然后在步骤14中,使水合胶原与净化水混合足够长的时间以形成混合物。在示例性的实施方案中,混合时间优选为约3至6分钟。首先,在用相对温和的搅拌器进行混合以充分溶解胶原的同时尽量少地或不剪切胶原纤维。该温和搅拌器可以是以0至1000rpm混合的L1U03型LightninTM搅拌器,该搅拌器商购自爱尔兰Coolock Dublin的General Signal公司的子公司Lightnin。

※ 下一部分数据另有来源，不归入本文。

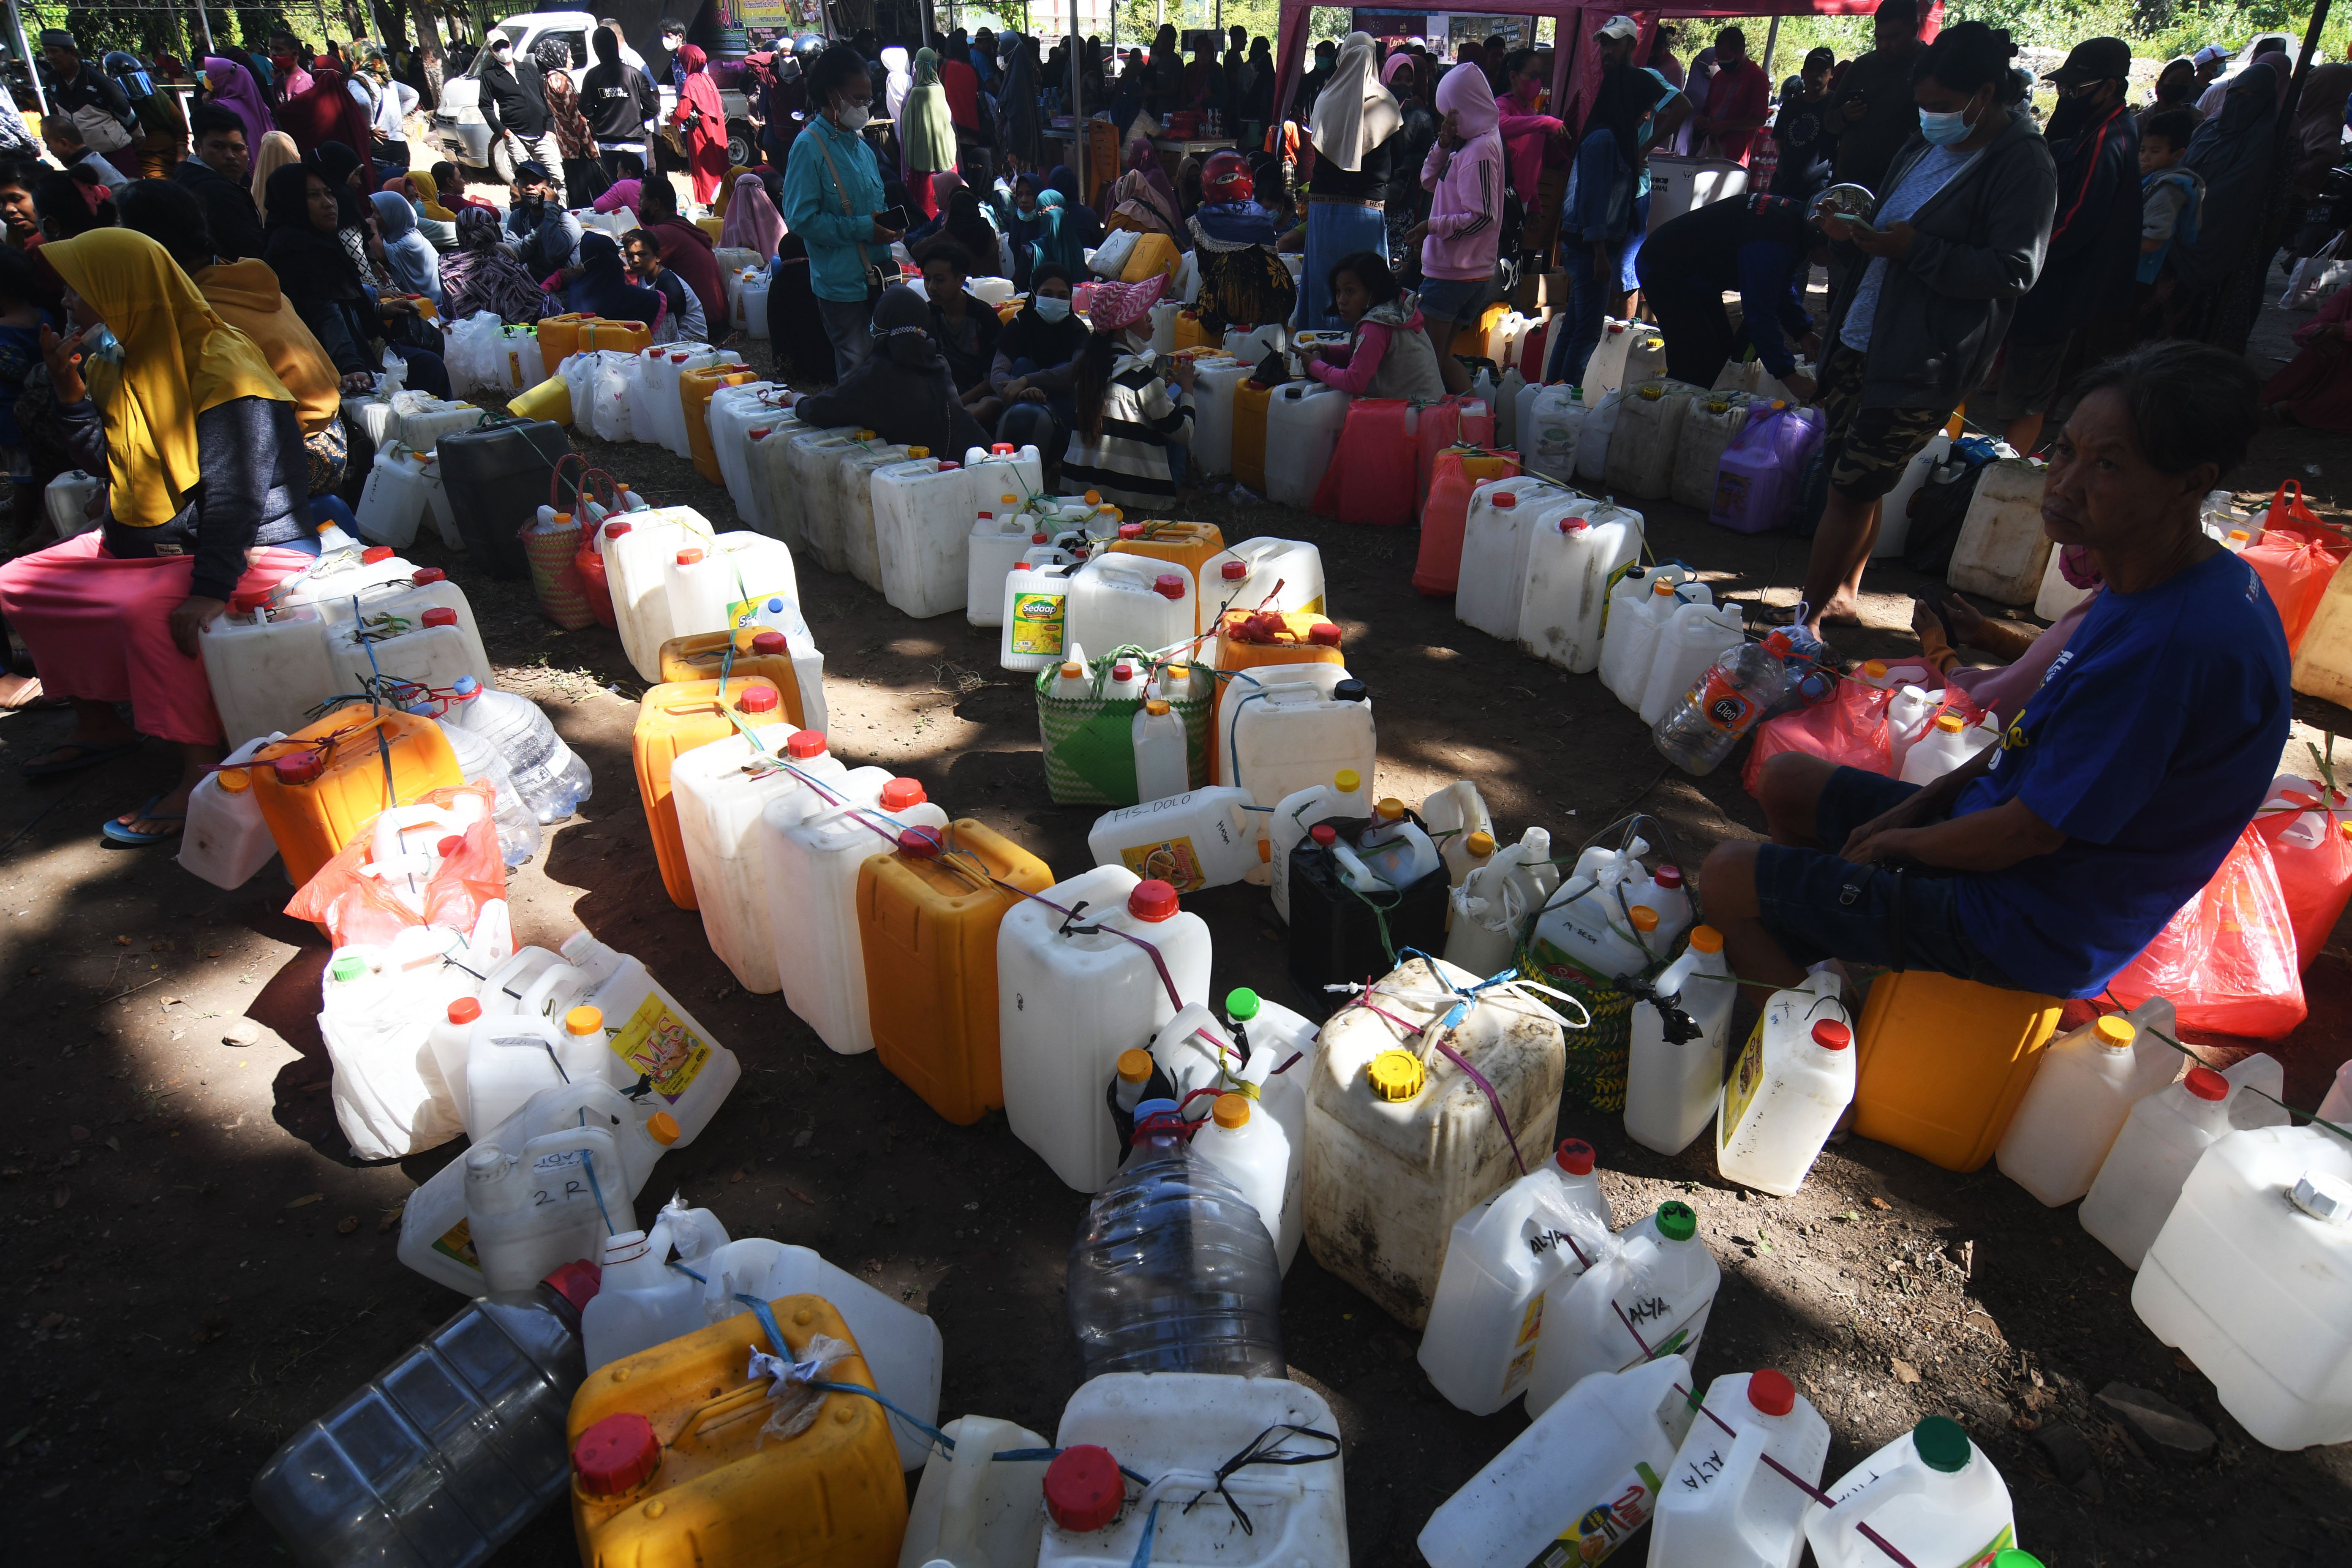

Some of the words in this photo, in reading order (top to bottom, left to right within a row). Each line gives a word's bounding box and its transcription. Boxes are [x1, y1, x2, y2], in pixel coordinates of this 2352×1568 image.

[1506, 33, 1520, 42] KAMU
[1802, 113, 1820, 141] CONVERSE
[1329, 196, 1366, 205] HERMES
[1106, 239, 1119, 251] A
[1135, 245, 1146, 259] A
[1023, 604, 1056, 615] Sedaap
[1716, 702, 1736, 721] Cleo
[631, 1036, 668, 1076] M
[695, 1048, 706, 1062] 4500
[534, 1190, 556, 1206] 2
[566, 1181, 588, 1200] R
[1530, 1230, 1567, 1257] ALYA
[1629, 1297, 1670, 1328] ALYA
[1682, 1450, 1724, 1489] ALYA

在混合过程中,在步骤16中将混合物的pH调节至预定的pH值。在一实施方案中,预定的pH值优选为约1.5至4.0,这低于混合物的等电点。在另一实施方案中,预定的pH值优选为约11.0至13.5,这高于混合物的等电点。如步骤18所示,在开始调节pH时开始定时。优选在用温和搅拌器以约400-1000rpm的转速混合混合物的同时将混合物的pH调节至约3.0-3.2。为了调节pH,优选将1.0N HCl加入到混合物中。当然,尽管优选使用盐酸调节混合物的pH,但也可以使用其它酸,例如醋酸、乳酸或磷酸。

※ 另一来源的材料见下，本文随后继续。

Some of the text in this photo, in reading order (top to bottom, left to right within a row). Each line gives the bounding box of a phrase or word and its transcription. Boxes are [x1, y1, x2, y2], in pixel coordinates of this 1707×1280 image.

调节pH的步骤优选在不超过预定的pH值的情况下进行。一旦超过预定的pH值,必须向混合物中加入诸如NaOH的添加剂以升高pH值。尽管可以使用其它氢氧化物,例如其它的碱金属氢氧化物或氢氧化铵,但优选使用氢氧化钠来调节胶原溶液的pH值。但本发明人发现,升高和降低或降低和升高混合物的pH会造成不一致的冻结,从而因离子强度的变化影响所需的孔径和生物相容性。因此优选不超出预定的pH值。在调节步骤16的过程中,如步骤20中所示确定混合物中所加盐酸的量、pH值以及固体浓度的百分数的计算值。
一旦在步骤16中达到预定的pH值,如步骤22所示,优选用温和的搅拌器继续混合混合物至距胶原粉加入净化水的第12步所经的全部时间至少为1小时。固体浓度的百分数优选为0.6%-1.2%。

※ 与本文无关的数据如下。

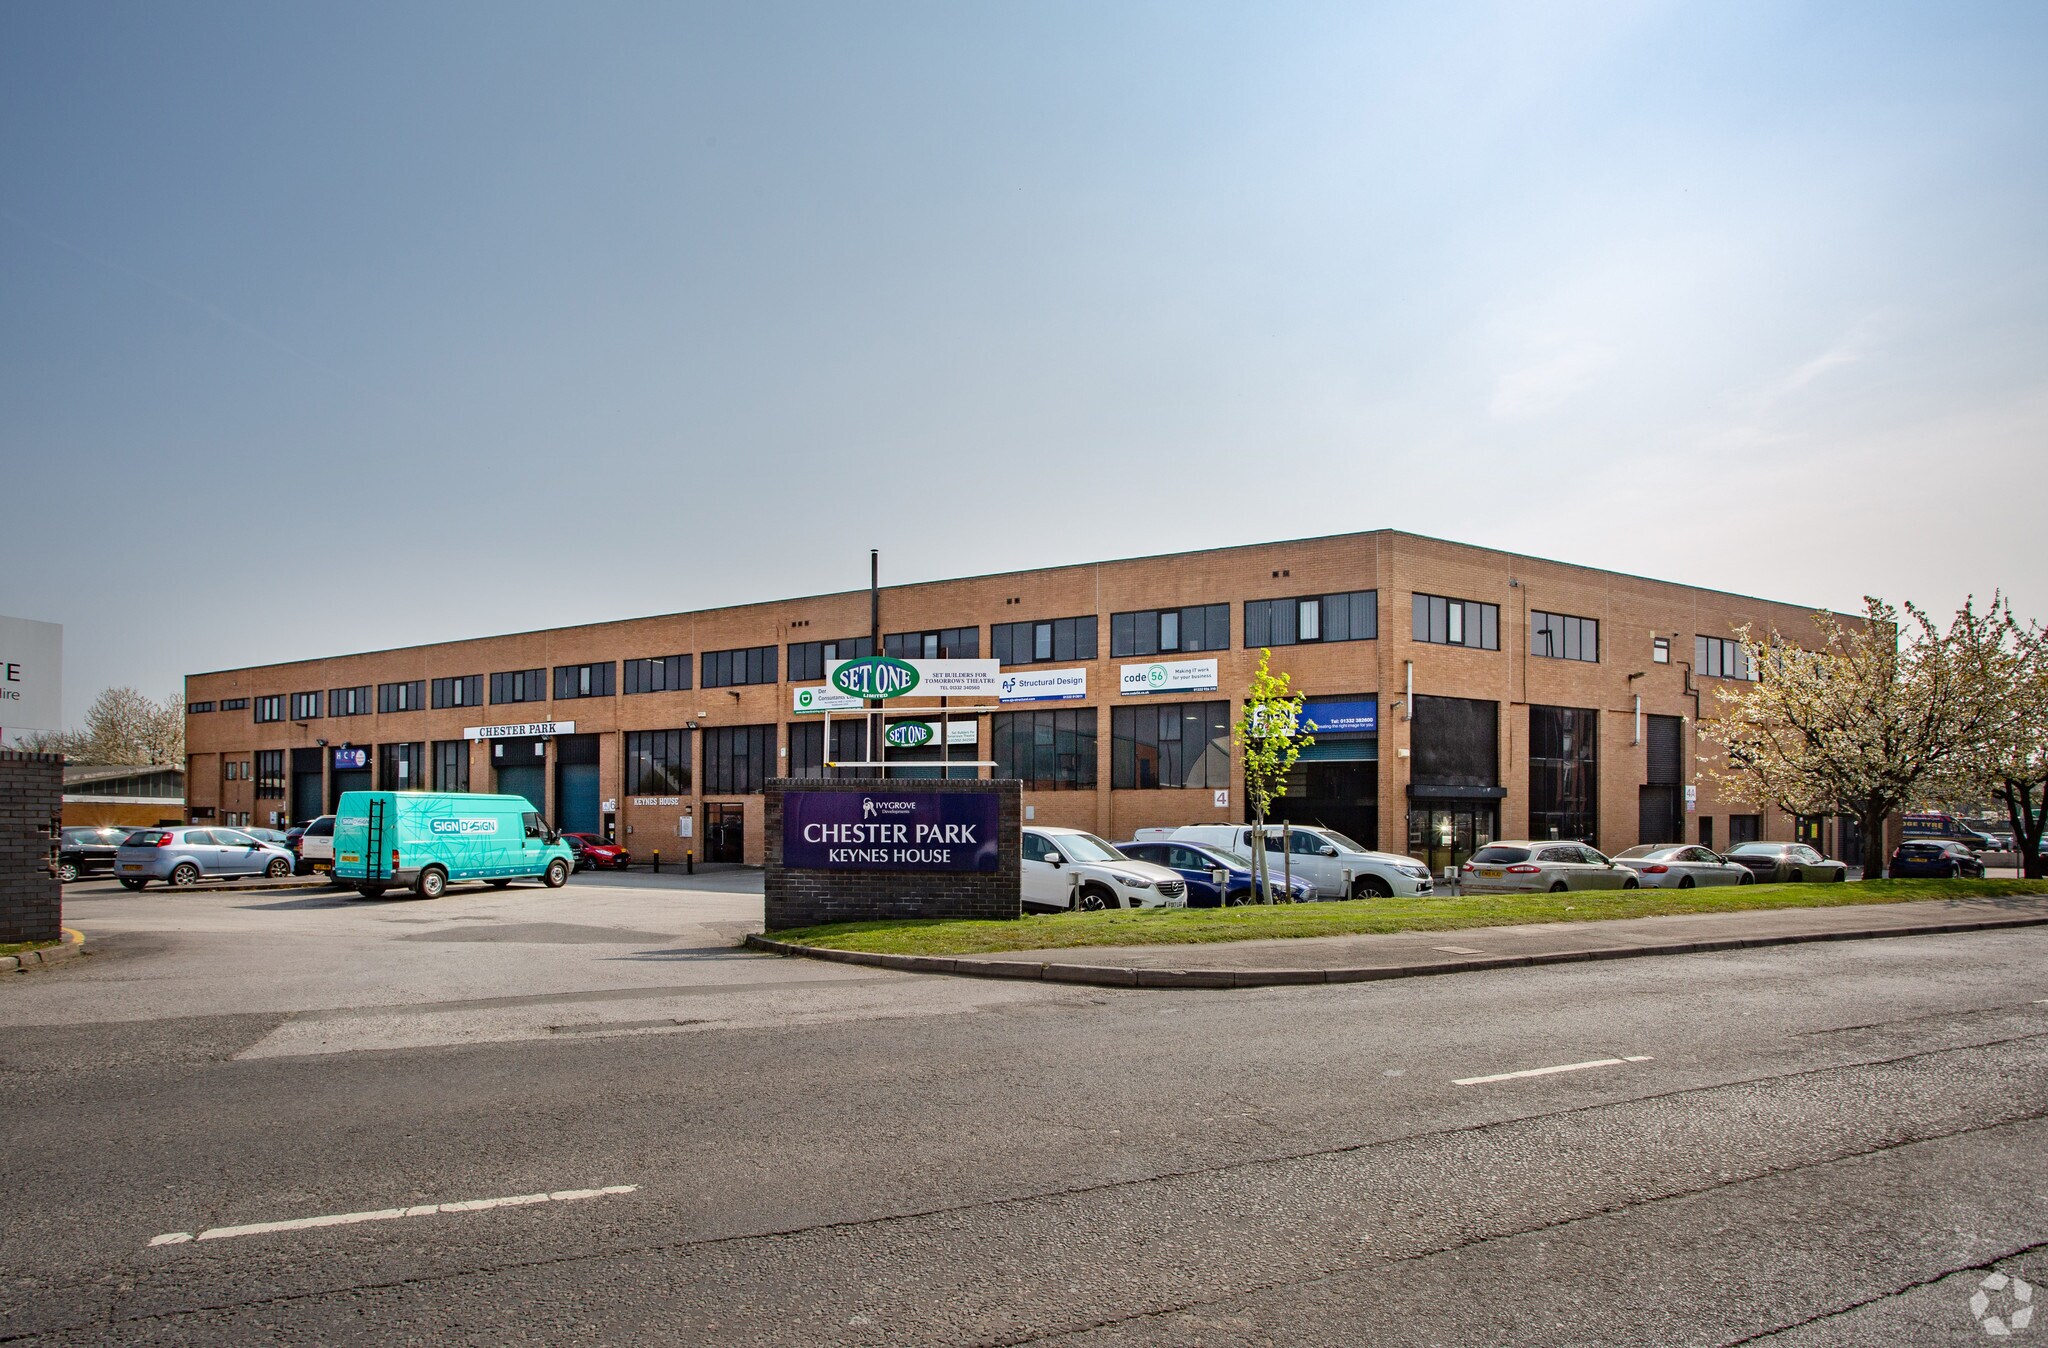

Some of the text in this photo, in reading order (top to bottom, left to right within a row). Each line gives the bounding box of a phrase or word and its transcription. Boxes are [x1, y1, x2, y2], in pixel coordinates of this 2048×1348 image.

[839, 663, 911, 694] SET ONE
[1019, 677, 1083, 687] Structural Design
[1124, 671, 1163, 682] code 56
[480, 723, 557, 737] CHESTER PARK
[889, 725, 927, 744] SET ONE
[633, 797, 679, 806] KEYNES HOUSE
[1216, 792, 1227, 805] 4
[610, 800, 616, 810] 6
[875, 801, 916, 810] IVYGROVE
[433, 821, 459, 832] SIGN
[803, 823, 977, 843] CHESTER PARK
[829, 848, 951, 863] KEYNES HOUSE

在用温和的搅拌器混合后,如步骤24所示,优选用转速约8000-9000rpm的剪切搅拌器混合混合物。剪切混合的速率优选足以使胶原粉机械破碎。剪切搅拌器可以是以0-10,000rpm混合的SilversonTM搅拌器,该搅拌器商购自英国Waterside Chesham Bucks的Silverson机器有限公司。优选在用剪切搅拌器混合混合物的同时将混合物的pH进一步调节至约3.4-3.6。
在步骤26中测量混合物的粘度,优选以混合步骤24开始。
提高pH以改进板的操作性。该调节优选不超出预定的pH值。一旦超出预定的pH值,必须加入诸如HCl的添加剂以降低混合物的pH。
一旦步骤28完成,如步骤30所示,将预定量的混合物置于容器内。将足量混合物置于容器内从而使所得胶原构件具有足够的厚度以用作硬膜替代物、粘连隔离物,或与身体短期接触以保湿、止血或进行组织保护。托盘(tray)优选是用塑料材料制成的,例如PETG。然而,托盘可以是由玻璃、金属、陶瓷、涂覆有不粘附表面的基材如TEFLON
或抛光金属制成的。托盘也可具有多个独立的隔室,其中每个隔室具有所需胶原构件的最终形状。例如,可以是在每边上具有斜面的1”x1”平方的隔室。当然,在同一托盘内可制成具有或不具有斜面的多个不同尺寸或形状的隔室以满足外科医生的需要。
如步骤32所示,将容器置于小室(chamber)内。在现有优选的实施方案中,将容器置于小室内的搁板(shelf)上,该搁板具有温度控制装置以控制搁板的温度,从而控制小室的温度。下文将提及小室的温度,但本领域技术人员应该理解这包含搁板的温度。调节温度控制装置以使小室的温度优选高于混合物的结晶温度。容器的底表面优选为与搁板上表面的刨床(planer)表面紧密配对的刨床。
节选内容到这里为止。